Franz Anton Mesmer

Franz Anton Mesmer, sometimes also known as Friedrich Anton Mesmer in publications, (* 23 May 1734 in Iznang, now part of Moos on Lake Constance; † 5 March 1815 in Meersburg) was initially a doctor in Vienna, then carried out “magnetic” cures and founded animal magnetism, also known as mesmerism.

In 1774, Mesmer heard about the healing successes achieved by the Jesuit priest and astronomer Maximilian Hell with magnets, whose natural radiation he attributed a healing effect on animal and human organisms. After some experiments of his own, he came to the conclusion that the magnetic cures, which he also began to use, were not caused by his magnets, but by his own physical influence.
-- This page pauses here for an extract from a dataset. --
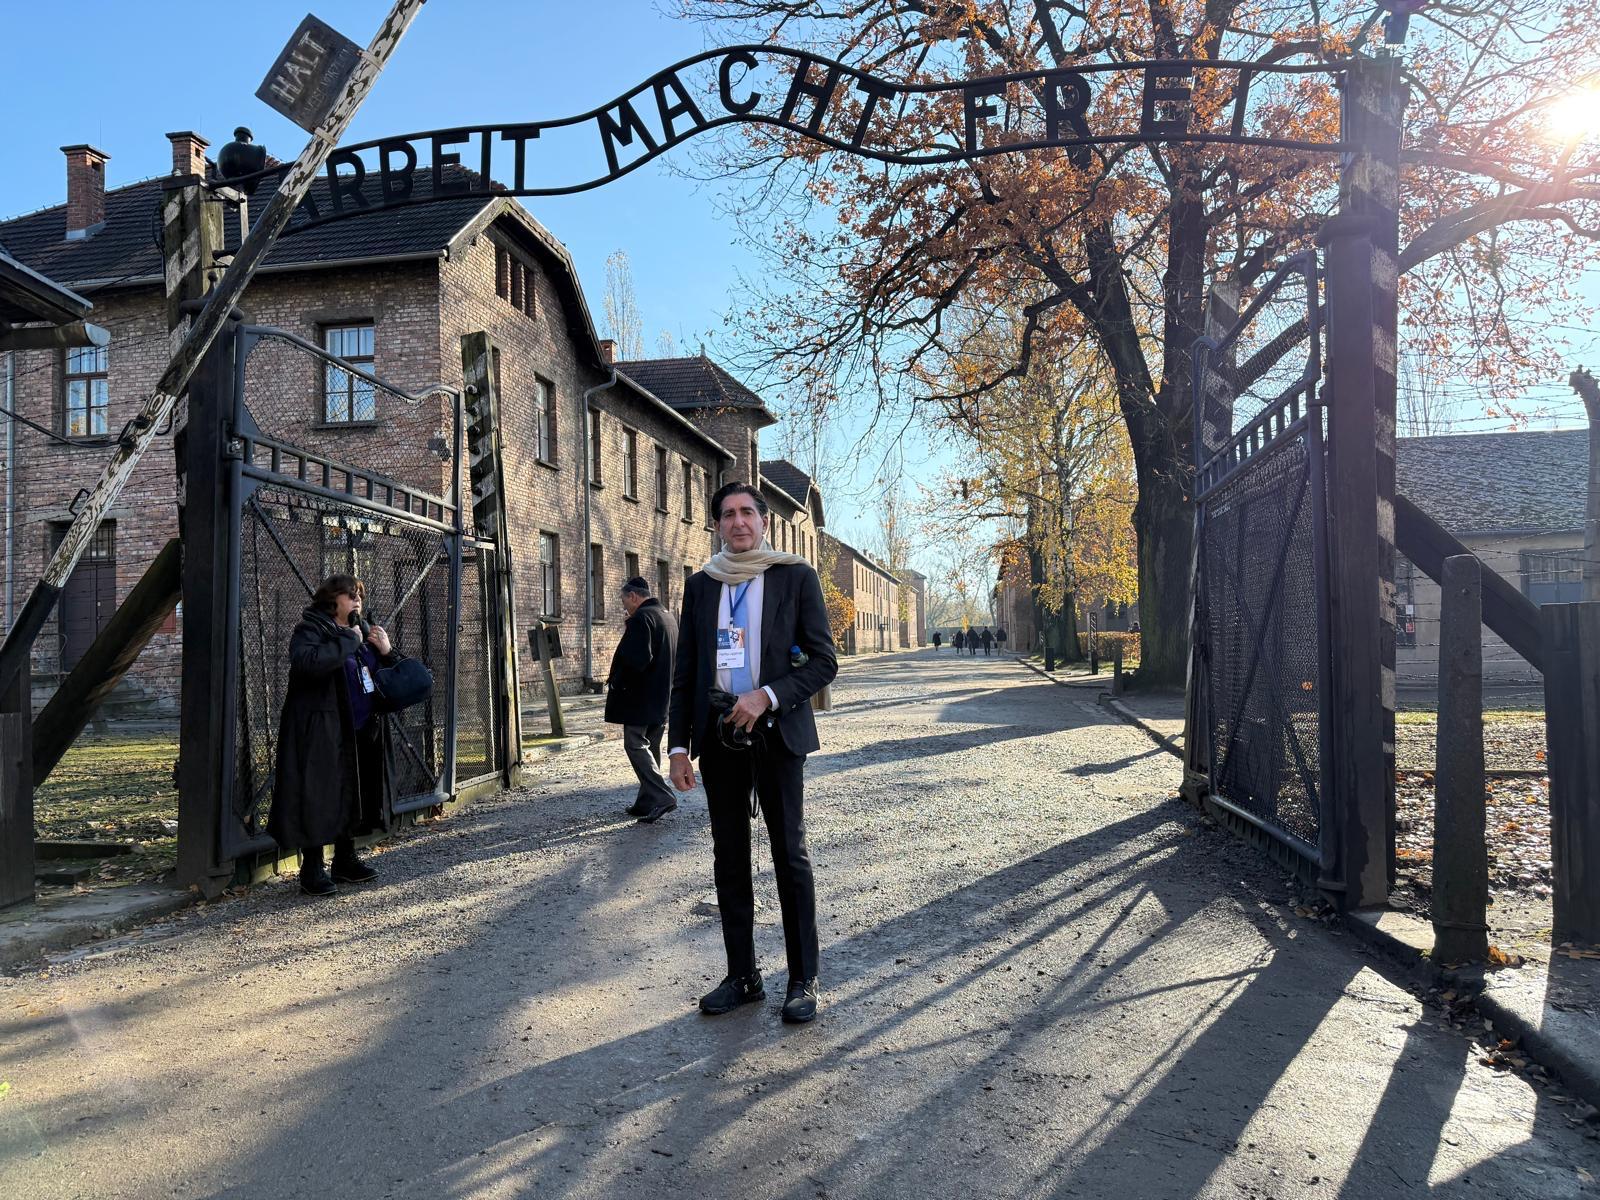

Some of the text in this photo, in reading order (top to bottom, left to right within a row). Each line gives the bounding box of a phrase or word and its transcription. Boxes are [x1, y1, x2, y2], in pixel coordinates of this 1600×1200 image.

[269, 29, 326, 104] HALT
[597, 50, 898, 176] MACHT
[963, 66, 1252, 152] FREI
He set down these theories for the professional world in a letter to a foreign doctor on magnetic cures (Vienna 1775) and called them “animal magnetism”.

In 1780, when he had more patients than he could treat individually, Mesmer introduced the method of collective healing known as the “tub” with which he could treat more than 30 people at the same time.
The patients, connected to each other by ropes, sit around a round oak box with holes in the lid
and from which metal rods emerge that can come into contact with various diseased parts of the body.
In the bottom of the box, on a layer of crushed glass and iron filings, rest symmetrically lined up, filled bottles, some pointing to the center, others to the edge.
Mesmer, in a robe of lilac silk, and his assistants, whom he has chosen to be young and handsome, are armed with a ten to twelve inch iron rod with which they touch diseased parts of the body.
Mesmer usually accompanies his magnetism sessions by playing the fortepiano or the glass harmonica. (Glass harmonica, invented by Benjamin Franklin in 1762).

Marie Antoinette is subjected to Franz Anton Mesmer’s “tub” (device for treating illnesses by emitting a magnetic field).
Copperplate engraving from Le collier de la Reine (The Queen’s Necklace) by Alexandre Dumas, 1856. During these collective treatments around the tub, contagious phenomena of “magnetic crises” manifest themselves, in which women of the best society
lose control, burst into “hysterical” laughter, faint, go into convulsions…

A witness describes a crisis in detail:
“The breathing was precipitate, she stretched both arms behind her back by twisting them strongly, and bending her body forward; there was a general trembling of the whole body; the chattering of her teeth became so loud that it could be heard from outside; she bit her hand, and strongly enough to keep her teeth marked.”
Mesmer suggests that these spasms are curative, indicating that the fluid, enhanced by the magnetic passages, is overcoming the barrier preventing circulation in the patient’s body.
In cases of severe convulsions, patients were placed in a padded room called the “crisis chamber”.
One of Mesmer’s four tubs is reserved for the poor but space in the other three must be booked well in advance, earning him around 300 louis a month.

The Viennese medical faculty was very critical of Mesmer’s theories, and when he founded a hospital for his method of healing in Vienna and was very successful with it, opponents formed.

They used his unsuccessful treatment of the famous pianist and composer Maria Theresia Paradis (1759-1824), who had been blind since the age of three, to denounce his healing method as ineffective. This became a stumbling block for him. In 1777, a commission of experts convened by the empress determined that Mesmer’s healing method was nothing but a fraud.